## Data listing:
+---+

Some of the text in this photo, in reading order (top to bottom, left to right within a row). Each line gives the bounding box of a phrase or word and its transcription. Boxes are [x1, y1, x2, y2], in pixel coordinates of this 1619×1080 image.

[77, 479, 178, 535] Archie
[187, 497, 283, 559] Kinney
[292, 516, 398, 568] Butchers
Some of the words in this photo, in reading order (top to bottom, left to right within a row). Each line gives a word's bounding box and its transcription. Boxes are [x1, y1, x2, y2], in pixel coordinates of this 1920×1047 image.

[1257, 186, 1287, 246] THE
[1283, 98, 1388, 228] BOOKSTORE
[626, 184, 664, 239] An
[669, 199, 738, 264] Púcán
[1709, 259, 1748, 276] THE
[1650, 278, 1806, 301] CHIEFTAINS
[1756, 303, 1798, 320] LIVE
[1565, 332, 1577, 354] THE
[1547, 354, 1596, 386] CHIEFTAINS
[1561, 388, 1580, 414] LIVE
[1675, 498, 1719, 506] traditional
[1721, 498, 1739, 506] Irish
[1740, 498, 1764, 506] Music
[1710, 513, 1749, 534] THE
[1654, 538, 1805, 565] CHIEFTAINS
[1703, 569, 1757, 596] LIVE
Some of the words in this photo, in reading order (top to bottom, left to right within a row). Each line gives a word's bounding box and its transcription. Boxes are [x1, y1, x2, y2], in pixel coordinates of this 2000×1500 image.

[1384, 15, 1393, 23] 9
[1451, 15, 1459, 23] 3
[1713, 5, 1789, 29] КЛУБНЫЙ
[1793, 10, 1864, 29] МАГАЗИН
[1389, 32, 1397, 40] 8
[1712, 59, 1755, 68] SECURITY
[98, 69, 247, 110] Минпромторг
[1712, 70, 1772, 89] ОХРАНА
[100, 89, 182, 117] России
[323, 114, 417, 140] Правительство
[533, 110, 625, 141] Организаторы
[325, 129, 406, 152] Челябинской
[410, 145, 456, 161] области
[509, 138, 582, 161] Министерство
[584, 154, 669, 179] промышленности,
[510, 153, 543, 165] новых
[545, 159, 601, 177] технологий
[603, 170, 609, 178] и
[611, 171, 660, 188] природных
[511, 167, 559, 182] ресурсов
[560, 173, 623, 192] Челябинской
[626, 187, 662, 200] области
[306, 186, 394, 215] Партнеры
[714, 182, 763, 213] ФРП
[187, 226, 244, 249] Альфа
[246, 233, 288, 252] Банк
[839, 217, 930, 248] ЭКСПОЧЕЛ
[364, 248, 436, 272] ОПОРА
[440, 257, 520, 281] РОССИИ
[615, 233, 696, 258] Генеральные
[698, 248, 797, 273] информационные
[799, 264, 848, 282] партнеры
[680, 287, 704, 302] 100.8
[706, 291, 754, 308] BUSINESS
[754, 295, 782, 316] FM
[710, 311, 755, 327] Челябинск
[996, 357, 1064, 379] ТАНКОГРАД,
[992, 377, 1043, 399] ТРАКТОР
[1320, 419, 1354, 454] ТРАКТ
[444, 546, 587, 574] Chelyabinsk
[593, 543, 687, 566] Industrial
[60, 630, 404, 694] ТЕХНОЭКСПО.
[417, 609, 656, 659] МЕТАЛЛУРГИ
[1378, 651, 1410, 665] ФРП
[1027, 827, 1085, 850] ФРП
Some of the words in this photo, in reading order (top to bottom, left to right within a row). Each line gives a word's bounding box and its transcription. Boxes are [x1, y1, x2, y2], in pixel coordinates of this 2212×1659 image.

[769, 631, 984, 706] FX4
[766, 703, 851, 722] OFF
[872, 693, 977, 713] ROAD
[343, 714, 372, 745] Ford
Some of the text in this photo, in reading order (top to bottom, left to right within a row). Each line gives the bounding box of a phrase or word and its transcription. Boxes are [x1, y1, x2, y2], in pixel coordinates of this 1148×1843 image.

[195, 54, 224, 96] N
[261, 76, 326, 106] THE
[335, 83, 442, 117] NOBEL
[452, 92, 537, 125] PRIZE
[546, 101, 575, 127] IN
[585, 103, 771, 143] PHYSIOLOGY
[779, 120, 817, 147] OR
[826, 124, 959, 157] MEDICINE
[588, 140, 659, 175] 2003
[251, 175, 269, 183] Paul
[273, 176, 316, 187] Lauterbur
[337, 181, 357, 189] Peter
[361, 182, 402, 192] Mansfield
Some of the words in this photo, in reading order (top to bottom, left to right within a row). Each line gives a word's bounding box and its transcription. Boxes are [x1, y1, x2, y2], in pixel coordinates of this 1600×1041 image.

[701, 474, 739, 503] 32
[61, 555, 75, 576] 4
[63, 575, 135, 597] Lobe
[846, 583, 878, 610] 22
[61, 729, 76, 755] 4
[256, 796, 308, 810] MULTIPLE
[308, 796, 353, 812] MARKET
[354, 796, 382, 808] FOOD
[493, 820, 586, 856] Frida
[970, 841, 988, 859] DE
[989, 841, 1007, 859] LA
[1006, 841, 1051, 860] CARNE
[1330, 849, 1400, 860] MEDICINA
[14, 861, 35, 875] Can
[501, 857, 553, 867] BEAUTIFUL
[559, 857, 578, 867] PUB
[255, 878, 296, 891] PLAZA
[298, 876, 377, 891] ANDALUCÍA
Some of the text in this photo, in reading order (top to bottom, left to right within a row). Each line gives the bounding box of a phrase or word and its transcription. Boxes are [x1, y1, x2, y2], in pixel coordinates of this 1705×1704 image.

+---+

## What to produce:
Copy out the entire material exactly.

## Answer to this task:
Some of the text in this photo, in reading order (top to bottom, left to right within a row). Each line gives the bounding box of a phrase or word and its transcription. Boxes are [x1, y1, x2, y2], in pixel coordinates of this 1619×1080 image.

[77, 479, 178, 535] Archie
[187, 497, 283, 559] Kinney
[292, 516, 398, 568] Butchers
Some of the words in this photo, in reading order (top to bottom, left to right within a row). Each line gives a word's bounding box and its transcription. Boxes are [x1, y1, x2, y2], in pixel coordinates of this 1920×1047 image.

[1257, 186, 1287, 246] THE
[1283, 98, 1388, 228] BOOKSTORE
[626, 184, 664, 239] An
[669, 199, 738, 264] Púcán
[1709, 259, 1748, 276] THE
[1650, 278, 1806, 301] CHIEFTAINS
[1756, 303, 1798, 320] LIVE
[1565, 332, 1577, 354] THE
[1547, 354, 1596, 386] CHIEFTAINS
[1561, 388, 1580, 414] LIVE
[1675, 498, 1719, 506] traditional
[1721, 498, 1739, 506] Irish
[1740, 498, 1764, 506] Music
[1710, 513, 1749, 534] THE
[1654, 538, 1805, 565] CHIEFTAINS
[1703, 569, 1757, 596] LIVE
Some of the words in this photo, in reading order (top to bottom, left to right within a row). Each line gives a word's bounding box and its transcription. Boxes are [x1, y1, x2, y2], in pixel coordinates of this 2000×1500 image.

[1384, 15, 1393, 23] 9
[1451, 15, 1459, 23] 3
[1713, 5, 1789, 29] КЛУБНЫЙ
[1793, 10, 1864, 29] МАГАЗИН
[1389, 32, 1397, 40] 8
[1712, 59, 1755, 68] SECURITY
[98, 69, 247, 110] Минпромторг
[1712, 70, 1772, 89] ОХРАНА
[100, 89, 182, 117] России
[323, 114, 417, 140] Правительство
[533, 110, 625, 141] Организаторы
[325, 129, 406, 152] Челябинской
[410, 145, 456, 161] области
[509, 138, 582, 161] Министерство
[584, 154, 669, 179] промышленности,
[510, 153, 543, 165] новых
[545, 159, 601, 177] технологий
[603, 170, 609, 178] и
[611, 171, 660, 188] природных
[511, 167, 559, 182] ресурсов
[560, 173, 623, 192] Челябинской
[626, 187, 662, 200] области
[306, 186, 394, 215] Партнеры
[714, 182, 763, 213] ФРП
[187, 226, 244, 249] Альфа
[246, 233, 288, 252] Банк
[839, 217, 930, 248] ЭКСПОЧЕЛ
[364, 248, 436, 272] ОПОРА
[440, 257, 520, 281] РОССИИ
[615, 233, 696, 258] Генеральные
[698, 248, 797, 273] информационные
[799, 264, 848, 282] партнеры
[680, 287, 704, 302] 100.8
[706, 291, 754, 308] BUSINESS
[754, 295, 782, 316] FM
[710, 311, 755, 327] Челябинск
[996, 357, 1064, 379] ТАНКОГРАД,
[992, 377, 1043, 399] ТРАКТОР
[1320, 419, 1354, 454] ТРАКТ
[444, 546, 587, 574] Chelyabinsk
[593, 543, 687, 566] Industrial
[60, 630, 404, 694] ТЕХНОЭКСПО.
[417, 609, 656, 659] МЕТАЛЛУРГИ
[1378, 651, 1410, 665] ФРП
[1027, 827, 1085, 850] ФРП
Some of the words in this photo, in reading order (top to bottom, left to right within a row). Each line gives a word's bounding box and its transcription. Boxes are [x1, y1, x2, y2], in pixel coordinates of this 2212×1659 image.

[769, 631, 984, 706] FX4
[766, 703, 851, 722] OFF
[872, 693, 977, 713] ROAD
[343, 714, 372, 745] Ford
Some of the text in this photo, in reading order (top to bottom, left to right within a row). Each line gives the bounding box of a phrase or word and its transcription. Boxes are [x1, y1, x2, y2], in pixel coordinates of this 1148×1843 image.

[195, 54, 224, 96] N
[261, 76, 326, 106] THE
[335, 83, 442, 117] NOBEL
[452, 92, 537, 125] PRIZE
[546, 101, 575, 127] IN
[585, 103, 771, 143] PHYSIOLOGY
[779, 120, 817, 147] OR
[826, 124, 959, 157] MEDICINE
[588, 140, 659, 175] 2003
[251, 175, 269, 183] Paul
[273, 176, 316, 187] Lauterbur
[337, 181, 357, 189] Peter
[361, 182, 402, 192] Mansfield
Some of the words in this photo, in reading order (top to bottom, left to right within a row). Each line gives a word's bounding box and its transcription. Boxes are [x1, y1, x2, y2], in pixel coordinates of this 1600×1041 image.

[701, 474, 739, 503] 32
[61, 555, 75, 576] 4
[63, 575, 135, 597] Lobe
[846, 583, 878, 610] 22
[61, 729, 76, 755] 4
[256, 796, 308, 810] MULTIPLE
[308, 796, 353, 812] MARKET
[354, 796, 382, 808] FOOD
[493, 820, 586, 856] Frida
[970, 841, 988, 859] DE
[989, 841, 1007, 859] LA
[1006, 841, 1051, 860] CARNE
[1330, 849, 1400, 860] MEDICINA
[14, 861, 35, 875] Can
[501, 857, 553, 867] BEAUTIFUL
[559, 857, 578, 867] PUB
[255, 878, 296, 891] PLAZA
[298, 876, 377, 891] ANDALUCÍA
Some of the text in this photo, in reading order (top to bottom, left to right within a row). Each line gives the bounding box of a phrase or word and its transcription. Boxes are [x1, y1, x2, y2], in pixel coordinates of this 1705×1704 image.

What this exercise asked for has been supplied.